BEGIN

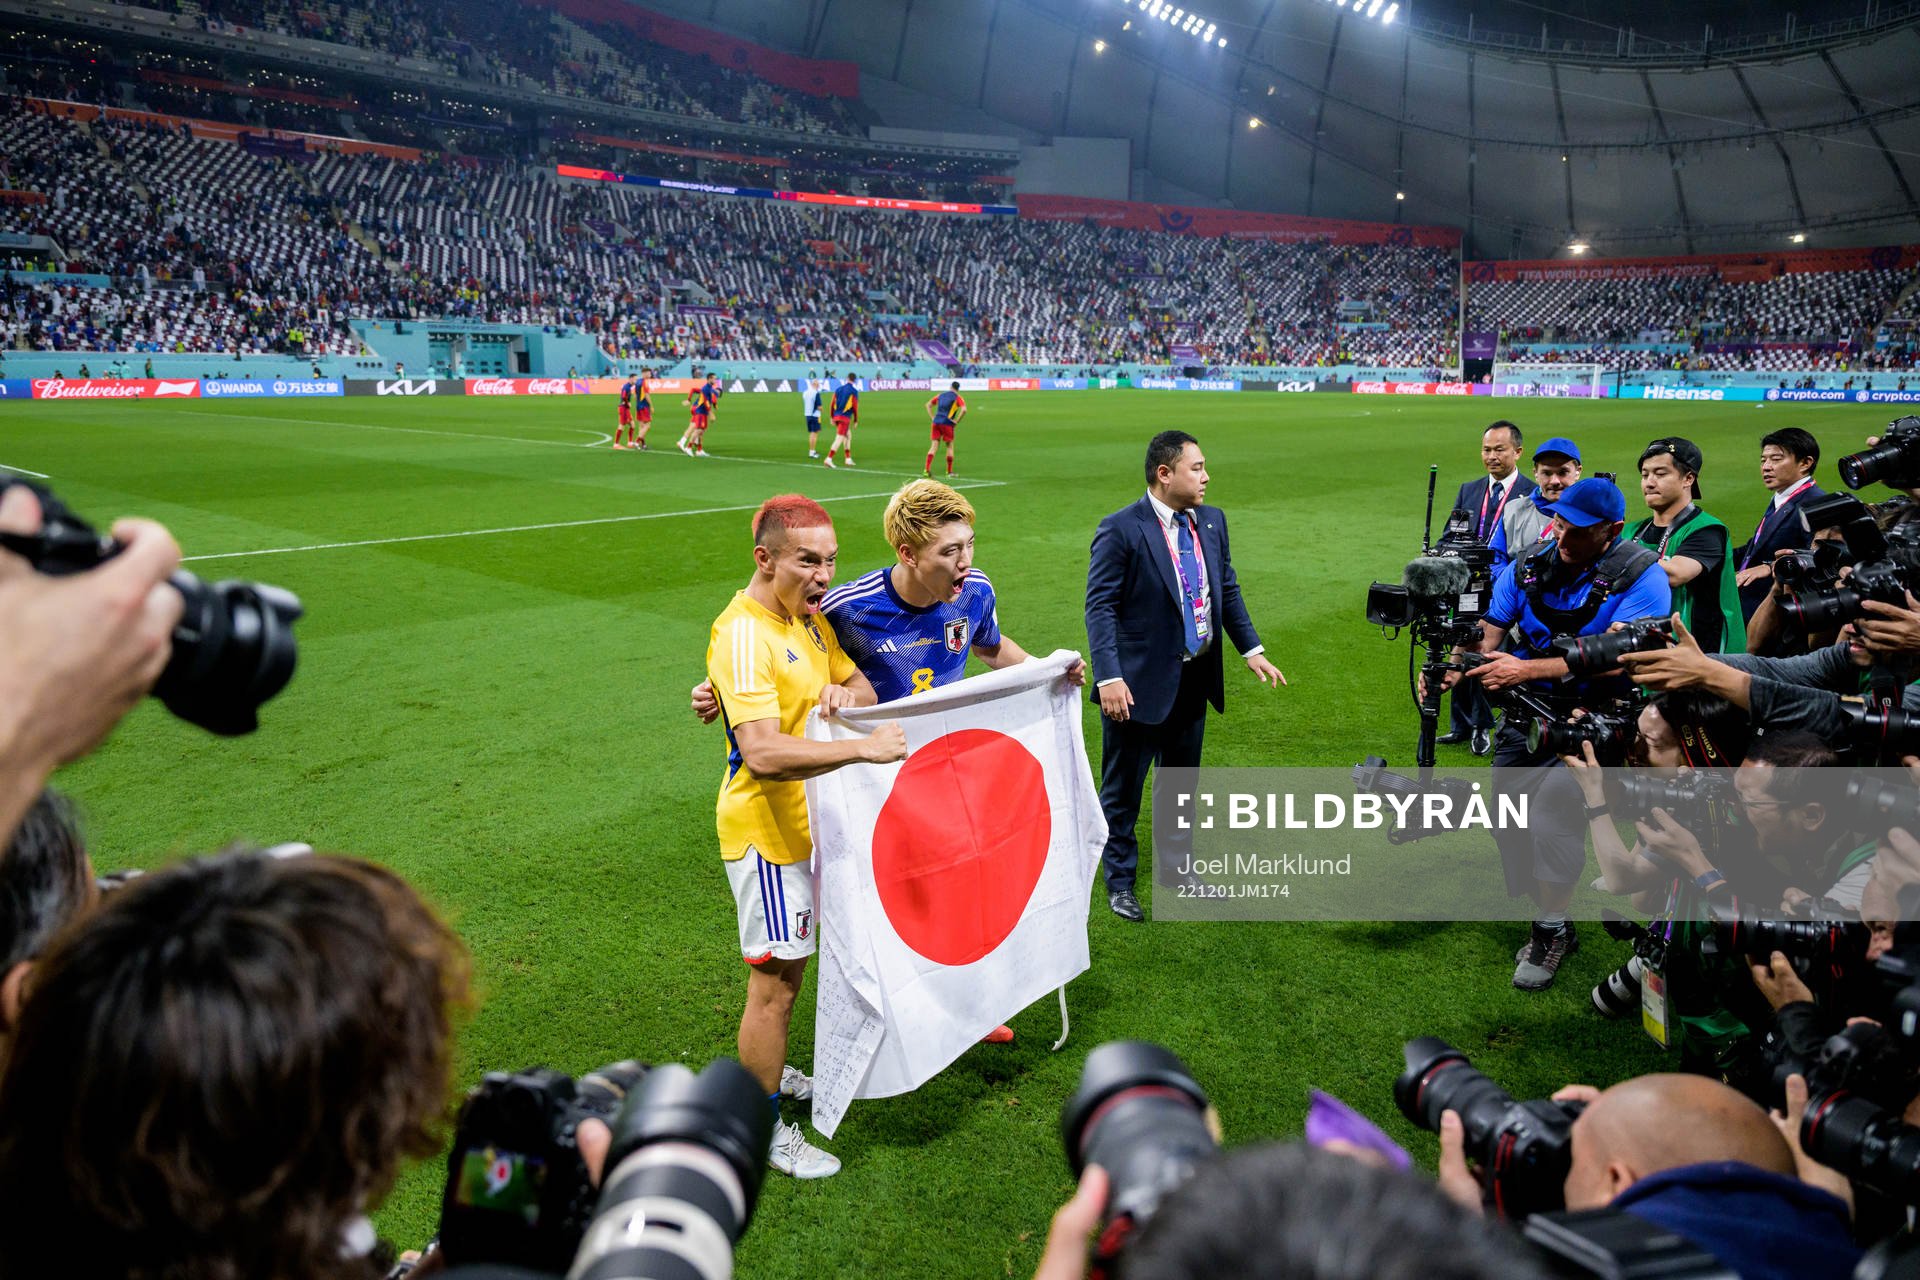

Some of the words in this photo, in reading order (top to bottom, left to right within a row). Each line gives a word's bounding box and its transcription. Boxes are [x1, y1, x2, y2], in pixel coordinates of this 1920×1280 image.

[1545, 268, 1589, 280] WORLD
[1590, 268, 1612, 279] CUP
[35, 380, 145, 398] Budweiser
[222, 383, 264, 393] WANDA
[376, 380, 437, 395] KIA
[473, 379, 516, 395] Coca-Cola
[528, 379, 567, 394] Coca-Cola
[870, 380, 897, 390] QATAR
[899, 380, 930, 390] AIRWAYS
[1643, 384, 1725, 401] Hisense
[1782, 390, 1845, 402] crypto.com
[911, 667, 934, 695] 8
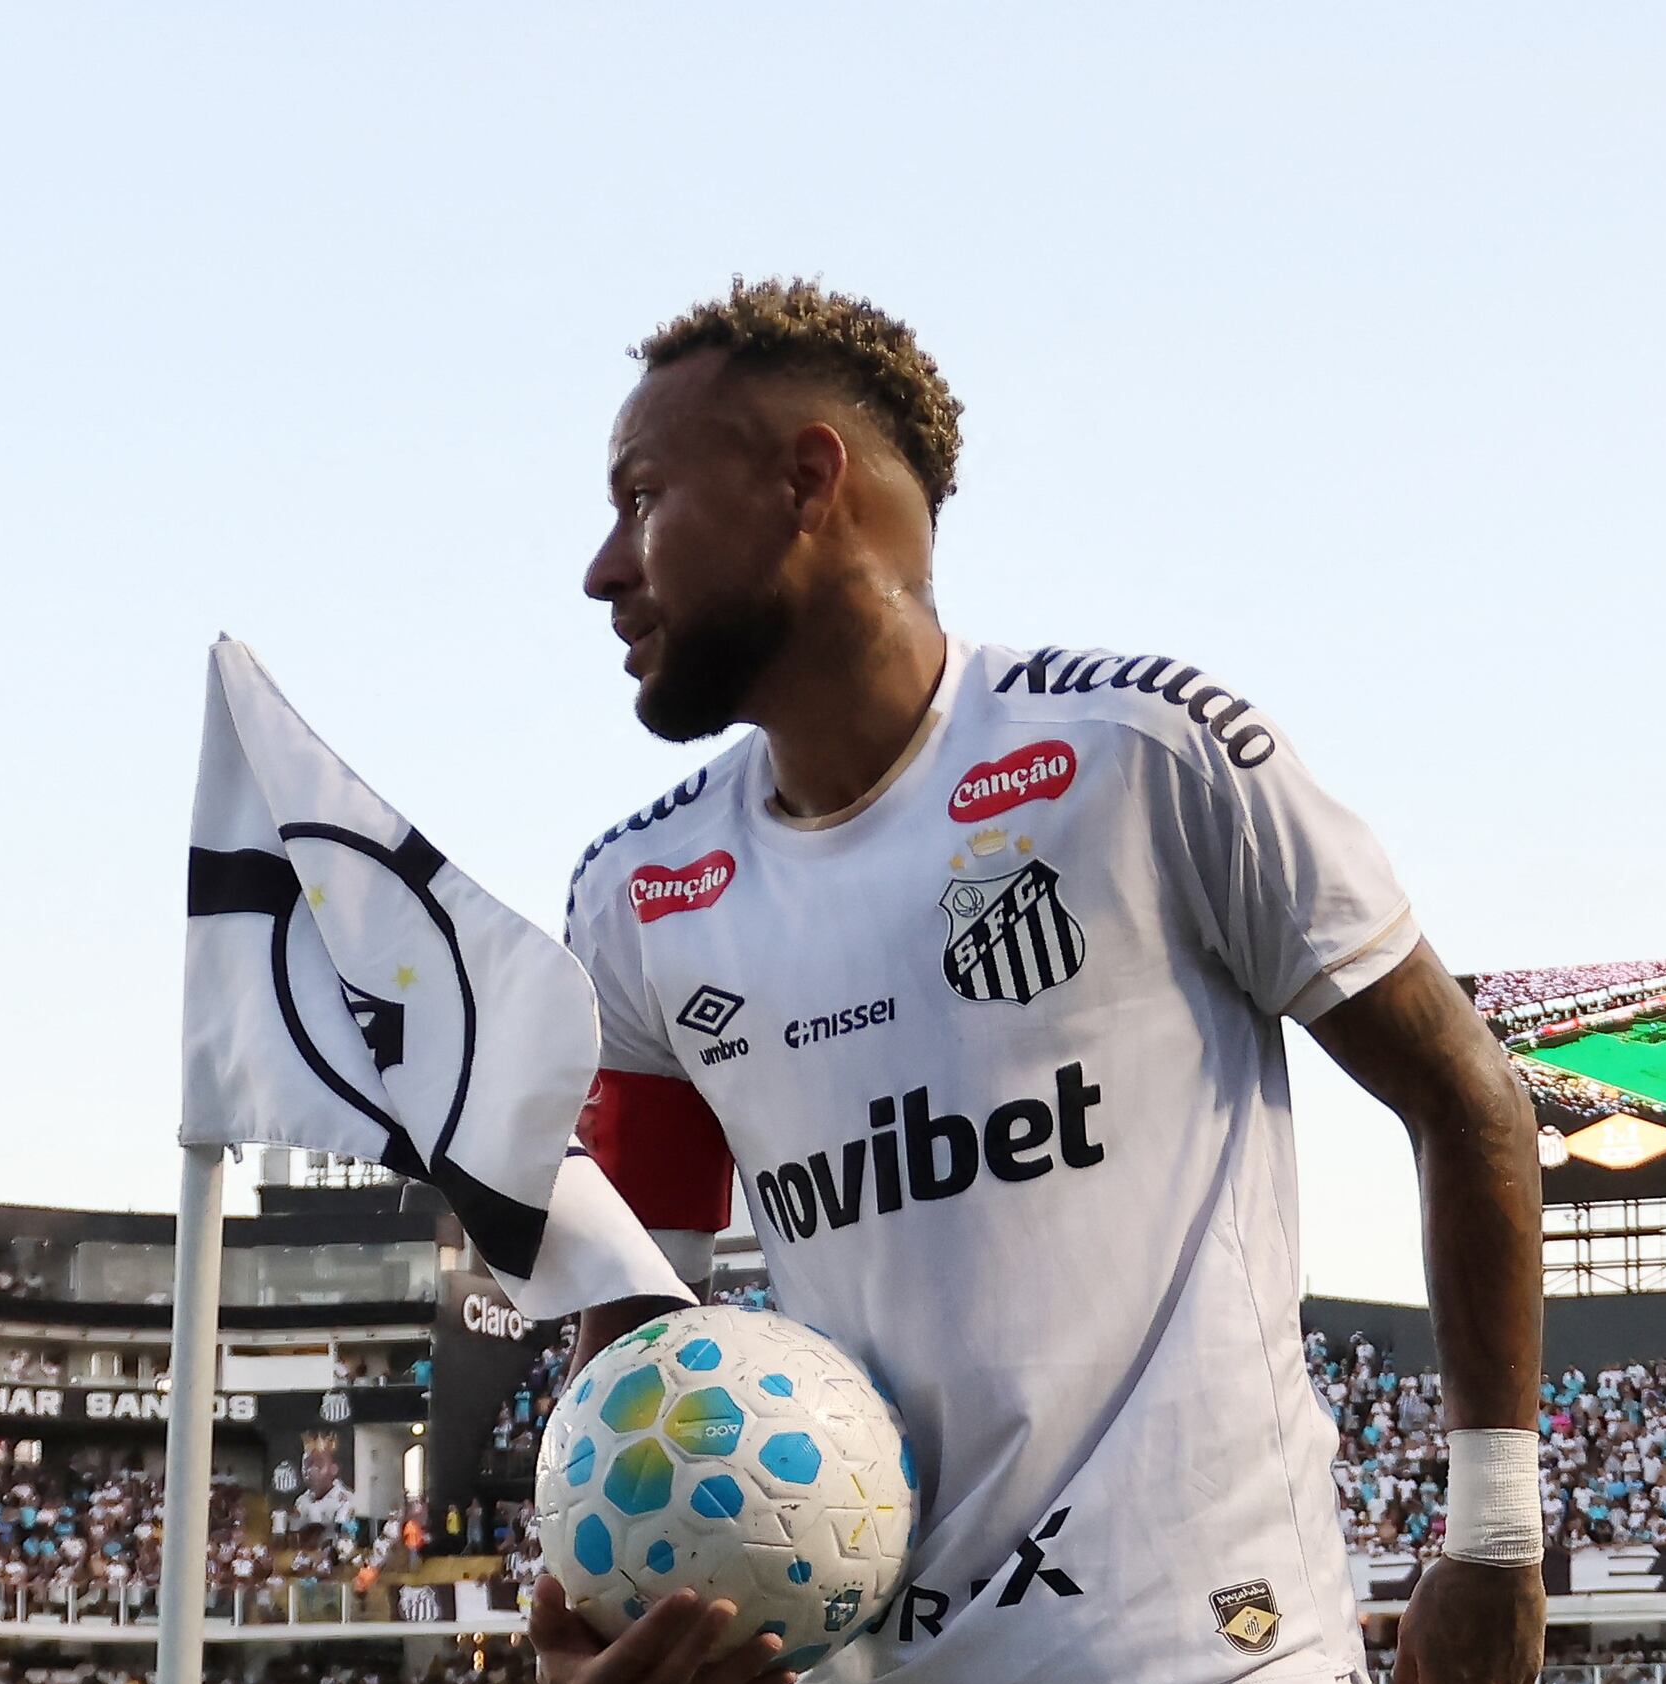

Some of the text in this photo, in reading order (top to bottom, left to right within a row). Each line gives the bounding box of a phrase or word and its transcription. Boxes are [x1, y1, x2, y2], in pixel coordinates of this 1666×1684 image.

[953, 755, 1069, 808] Canção
[630, 866, 728, 907] Canção
[811, 997, 895, 1043] nissei
[699, 1037, 750, 1066] umbro
[756, 1061, 1105, 1243] novibet
[463, 1293, 524, 1340] Claro
[86, 1391, 257, 1421] SANOS

END

* WORK TO COMPLETE
Once you reach the line that holds "Some of the text", print it and every line after it through the end of the records, word for word.

* TASK ANSWER
Some of the text in this photo, in reading order (top to bottom, left to right within a row). Each line gives the bounding box of a phrase or word and its transcription. Boxes are [x1, y1, x2, y2], in pixel coordinates of this 1666×1684 image.

[953, 755, 1069, 808] Canção
[630, 866, 728, 907] Canção
[811, 997, 895, 1043] nissei
[699, 1037, 750, 1066] umbro
[756, 1061, 1105, 1243] novibet
[463, 1293, 524, 1340] Claro
[86, 1391, 257, 1421] SANOS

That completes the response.